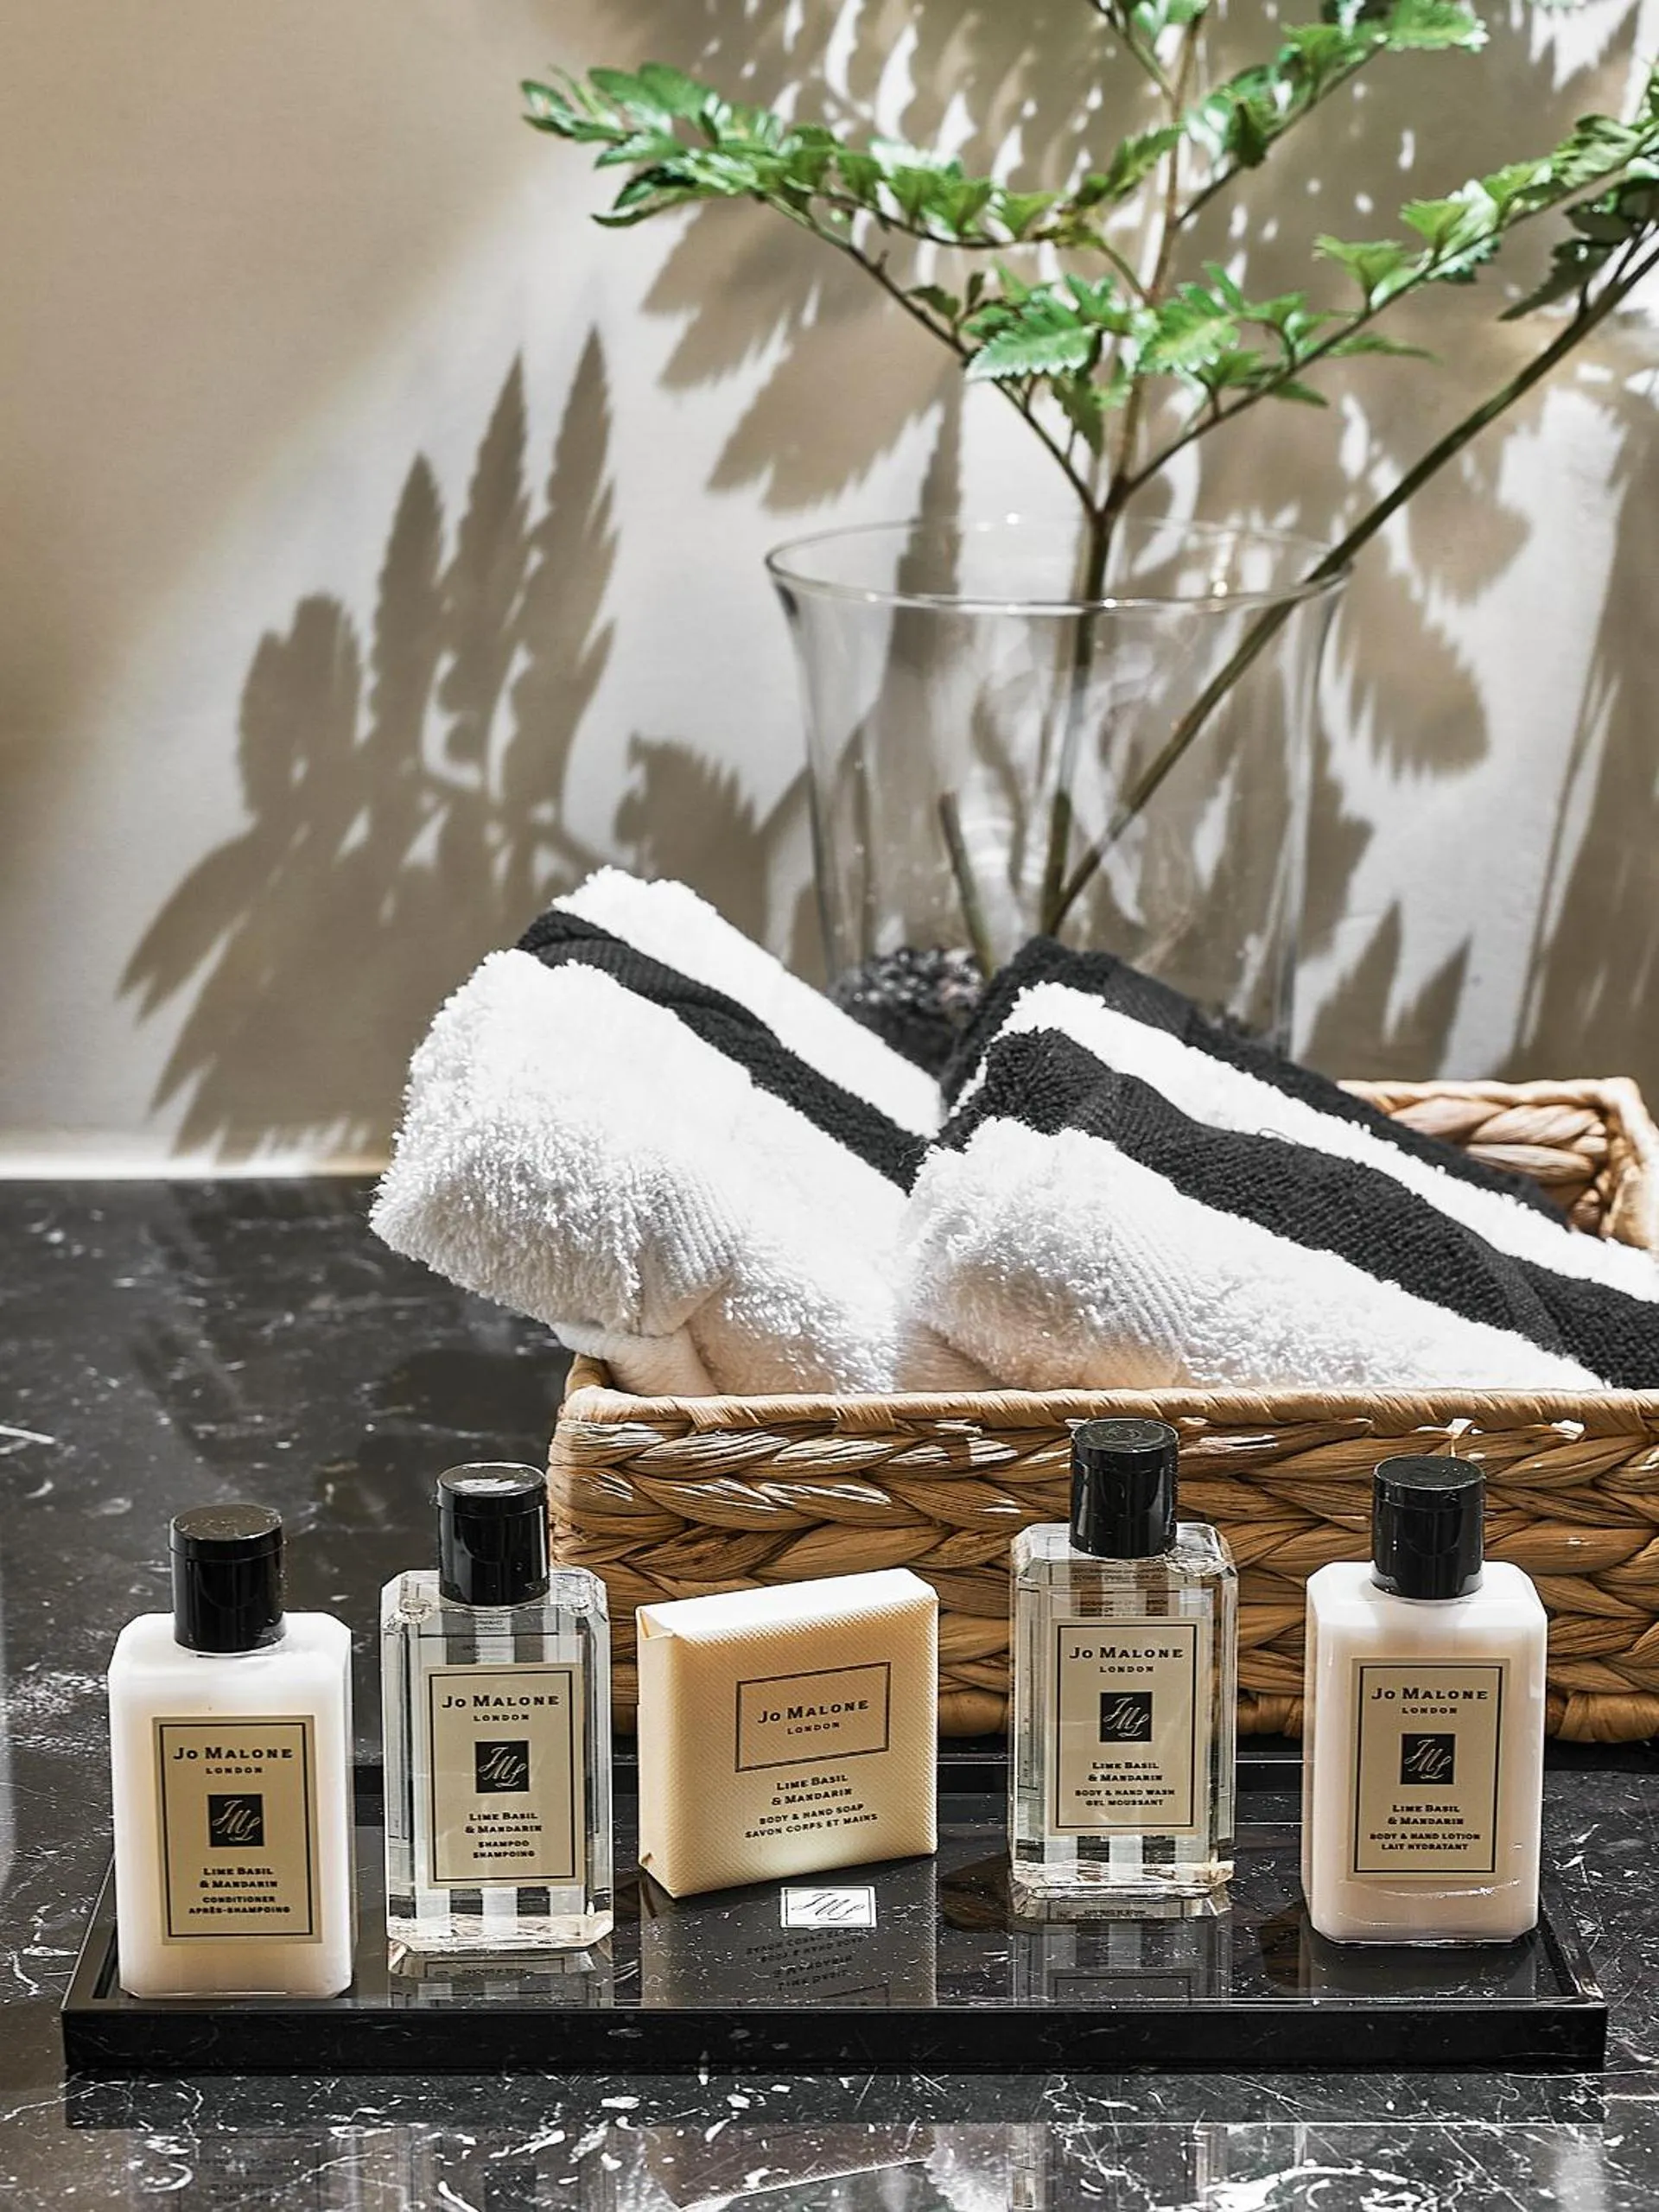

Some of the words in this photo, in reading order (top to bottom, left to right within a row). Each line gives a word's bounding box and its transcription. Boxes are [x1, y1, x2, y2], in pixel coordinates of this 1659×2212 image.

[1070, 1648, 1093, 1659] JO
[1100, 1647, 1183, 1658] MALONE
[1372, 1688, 1395, 1700] JO
[1402, 1688, 1488, 1700] MALONE
[442, 1696, 466, 1708] JO
[474, 1695, 559, 1707] MALONE
[758, 1711, 781, 1724] JO
[787, 1700, 869, 1719] MALONE
[787, 1722, 840, 1734] LONDON
[174, 1747, 198, 1760] JO
[205, 1747, 293, 1759] MALONE
[777, 1779, 808, 1790] LIME
[811, 1775, 848, 1786] BASIL
[785, 1788, 853, 1804] MANDARIN
[760, 1815, 788, 1825] BODY
[803, 1808, 833, 1819] HAND
[836, 1803, 864, 1814] SOAP
[745, 1827, 782, 1839] SAVON
[785, 1822, 823, 1833] CORPS
[843, 1814, 878, 1825] MAINS

++++

WORK TASK:
Every line above should be retyped exactly; the pictures do not belong in the copy.

OUTPUT:
Some of the words in this photo, in reading order (top to bottom, left to right within a row). Each line gives a word's bounding box and its transcription. Boxes are [x1, y1, x2, y2], in pixel coordinates of this 1659×2212 image.

[1070, 1648, 1093, 1659] JO
[1100, 1647, 1183, 1658] MALONE
[1372, 1688, 1395, 1700] JO
[1402, 1688, 1488, 1700] MALONE
[442, 1696, 466, 1708] JO
[474, 1695, 559, 1707] MALONE
[758, 1711, 781, 1724] JO
[787, 1700, 869, 1719] MALONE
[787, 1722, 840, 1734] LONDON
[174, 1747, 198, 1760] JO
[205, 1747, 293, 1759] MALONE
[777, 1779, 808, 1790] LIME
[811, 1775, 848, 1786] BASIL
[785, 1788, 853, 1804] MANDARIN
[760, 1815, 788, 1825] BODY
[803, 1808, 833, 1819] HAND
[836, 1803, 864, 1814] SOAP
[745, 1827, 782, 1839] SAVON
[785, 1822, 823, 1833] CORPS
[843, 1814, 878, 1825] MAINS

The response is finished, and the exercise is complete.